Lemmy has an HTTP API for clients and frontends. See the API documentation for more information. Instead of using the API directly you can use one of the existing libraries. You can either interact with a local development instance via http://localhost:8536, or connect to a production instance. The following instances are available for testing purposes:

  • https://enterprise.lemmy.ml/
  • https://ds9.lemmy.ml/
  • https://voyager.lemmy.ml/

More clearly arranged, unofficial API documentation is available at:

Curl Examples

GET example

The current API {version} is here.

curl "https://lemmy.ml/api/{version}/community/list?sort=Hot"`

POST example

curl -i -H \
"Content-Type: application/json" \
-X POST \
-d '{
  "comment_id": 374,
  "score": 1,
  "auth": eyJ0eXAiOiJKV1QiLCJhbGciOiJIUzI1NiJ9.eyJpZCI6MiwiaXNzIjoidGVzdC5sZW1teS5tbCJ9.P77RX_kpz1a_geY5eCp29sl_5mAm-k27Cwnk8JcIZJk
}' \
https://lemmy.ml/api/{version}/comment/like

RSS/Atom feeds

  • All - /feeds/all.xml?sort=Hot
  • Community - /feeds/c/community-name.xml?sort=Hot
  • User - /feeds/u/user-name.xml?sort=Hot

Images

Lemmy forwards image requests to a locally running Pictrs.

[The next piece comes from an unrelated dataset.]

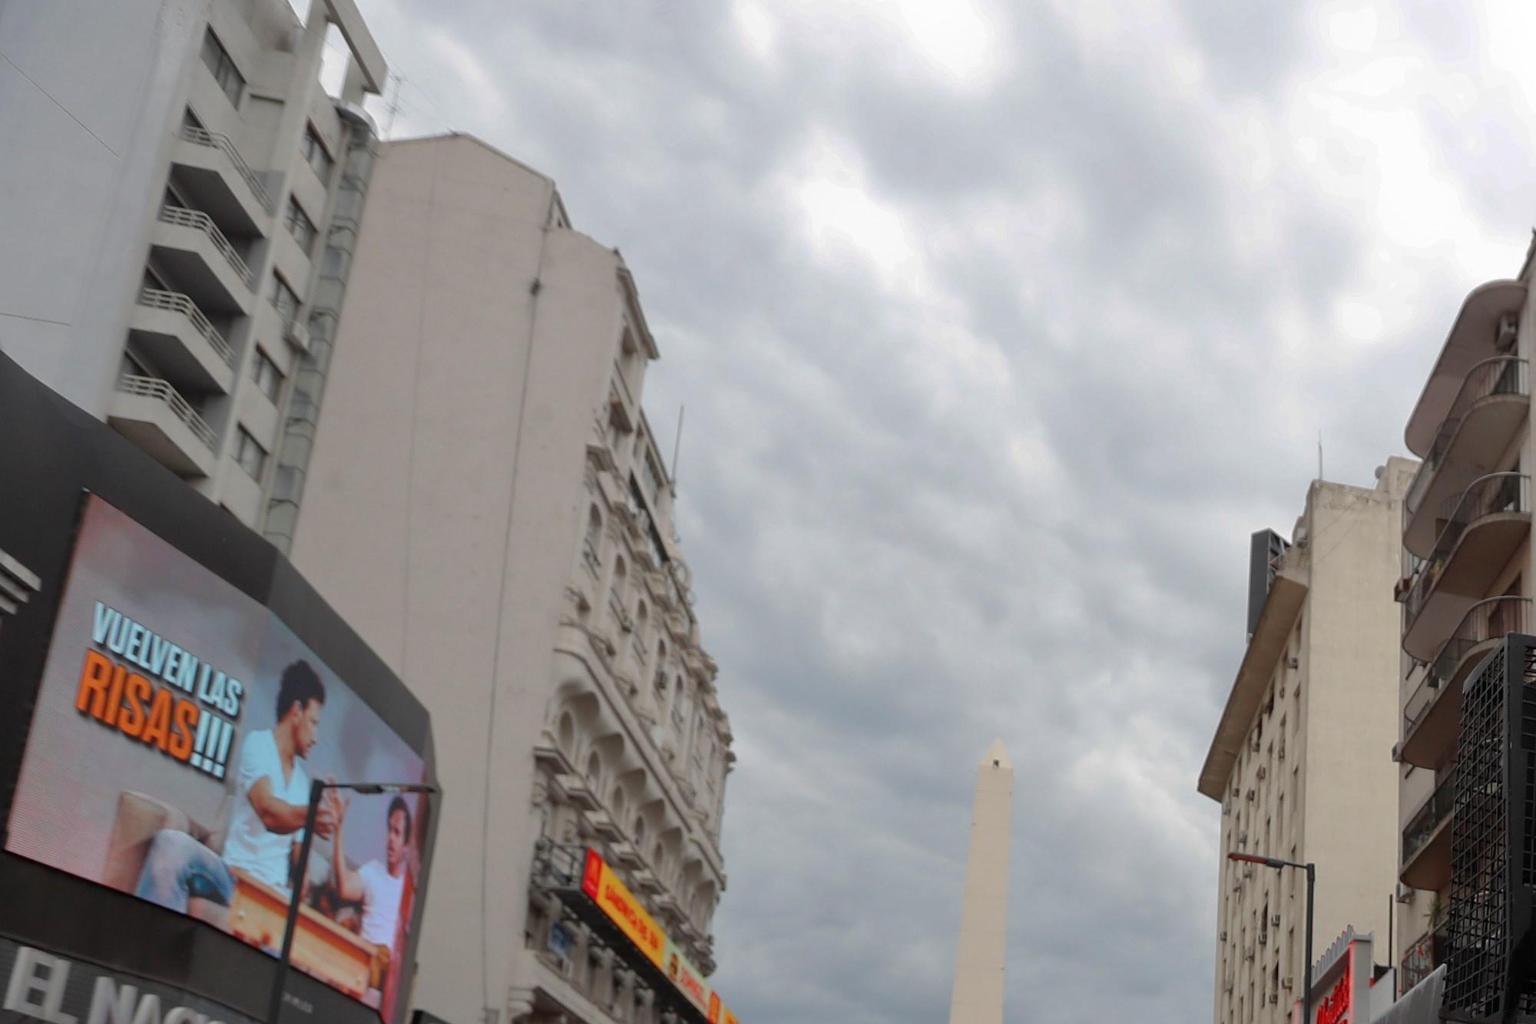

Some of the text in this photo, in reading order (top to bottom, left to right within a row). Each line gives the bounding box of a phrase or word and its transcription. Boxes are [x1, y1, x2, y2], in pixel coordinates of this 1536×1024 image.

[76, 648, 234, 779] RISAS!!!
[93, 601, 243, 717] VUELVEN LAS
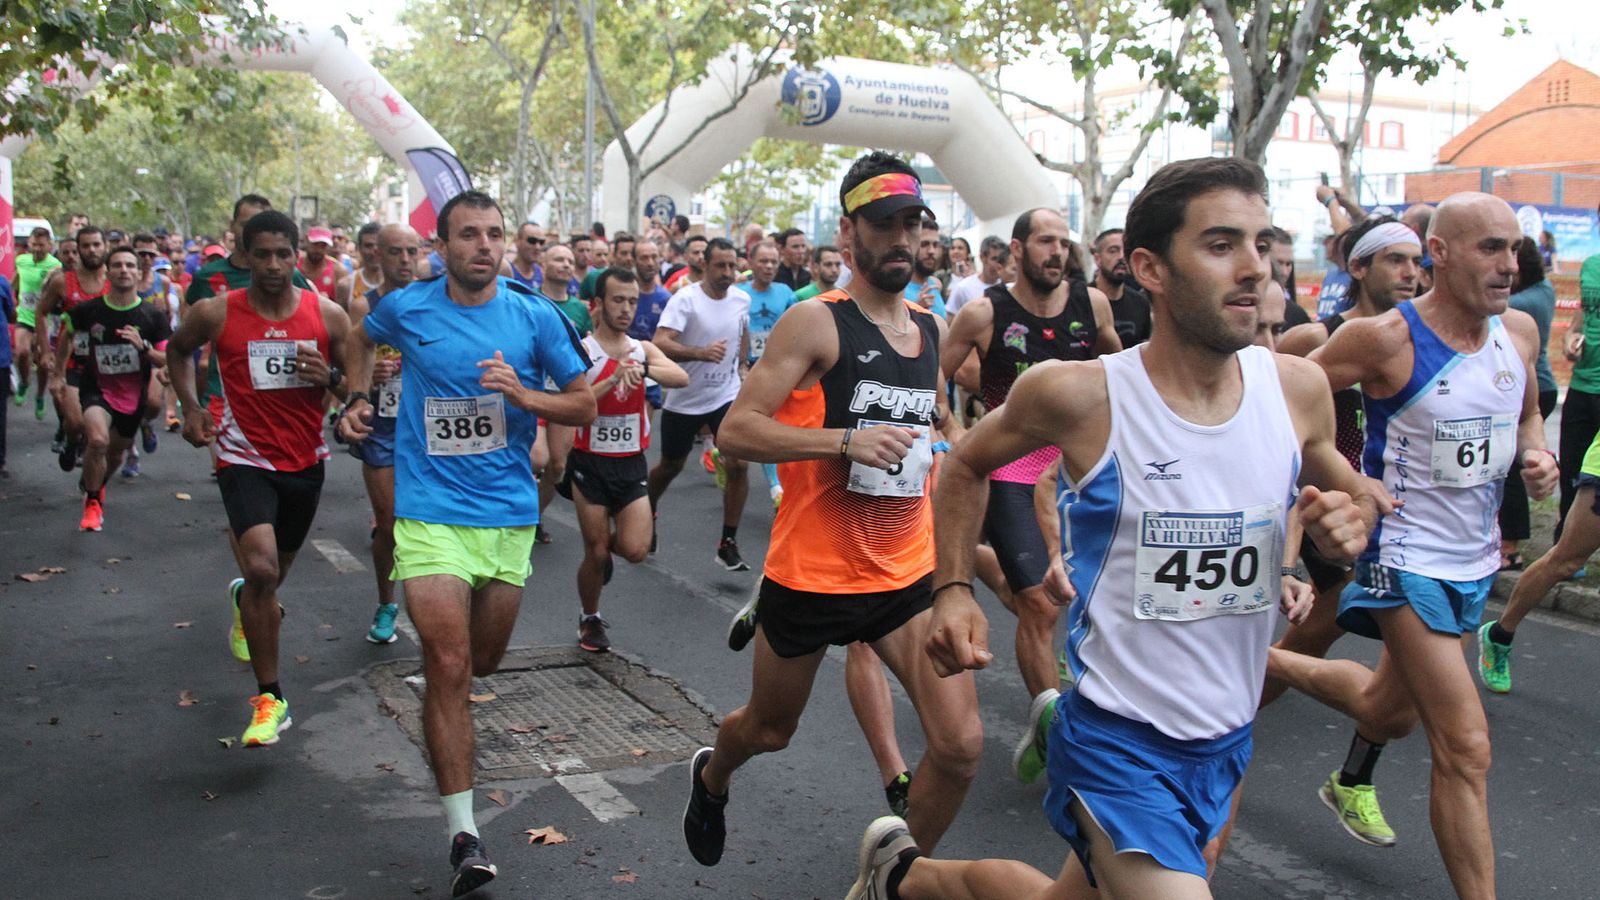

GET /pictrs/image/{filename}?format={webp, jpg, ...}&thumbnail={96}

Format and thumbnail are optional.

Create (request)

Uploaded content must be valid multipart/form-data with an image array located within the images[] key.

POST /pictrs/image

Create (response)

{
  "files": [
    {
      "delete_token": "{token}",
      "file": "{file}.jpg"
    }
  ],
  "msg": "ok"
}

Delete

GET /pictrs/image/delete/{delete_token}/{file}

Rust API

If you want to develop a Rust application which interacts with Lemmy, you can directly pull in the relevant API structs. This uses the exact API structs used in Lemmy, but with most heavyweight dependencies disabled. API paths or HTTP client are not included, so you need to handle those aspects manually. To get started, run cargo add lemmy_api_common in your repository. You can then use the following code to make an API request:

#![allow(unused)]
fn main() {
use lemmy_api_common::post::{GetPosts, GetPostsResponse};
use lemmy_db_schema::{ListingType, SortType};
use ureq::Agent;

pub fn list_posts() -> GetPostsResponse {
    let params = GetPosts {
        type_: Some(ListingType::Local),
        sort: Some(SortType::New),
        ..Default::default()
    };
    Agent::new()
        .get("https://lemmy.ml/api/v3/post/list")
        .send_json(&params).unwrap()
        .into_json().unwrap()
}
}

You can also look at the following real-world projects as examples:

Creating a Custom Frontend

The Lemmy backend and frontend are completely separate projects. This creates a lot of potential for alternative frontends which can change much of the design and user experience of Lemmy. For example, it is possible to create a frontend in the style of a traditional forum like phpBB, a question-and-answer site like Stack Overflow, a blogging platform or an image gallery. This way you don't have to write any SQL queries, federation logic, API code and so on, but can use the proven implementation from Lemmy. It is also possible to run multiple frontends for a single Lemmy instance.

Development

The easiest way to get started is by forking one of the existing frontends. But you can also create a new frontend from scratch. In any case the principle is the same: bind to a port to serve user requests, and connect to the API of a Lemmy instance as described above to fetch data.

Translations

You can add the lemmy-translations repository to your project as a git submodule. That way you can take advantage of same translations used in the official frontend, and you will also receive new translations contributed via Weblate.

Rate limiting

Lemmy does rate limiting for many actions based on the client IP. But if you make any API calls on the server side (e.g. in the case of server-side rendering, or javascript pre-rendering), Lemmy will take the IP of the Docker container. Meaning that all requests come from the same IP, and get rate limited much earlier. To avoid this problem, you need to pass the actual client IP via Forwarded or X-Forwarded-For HTTP header.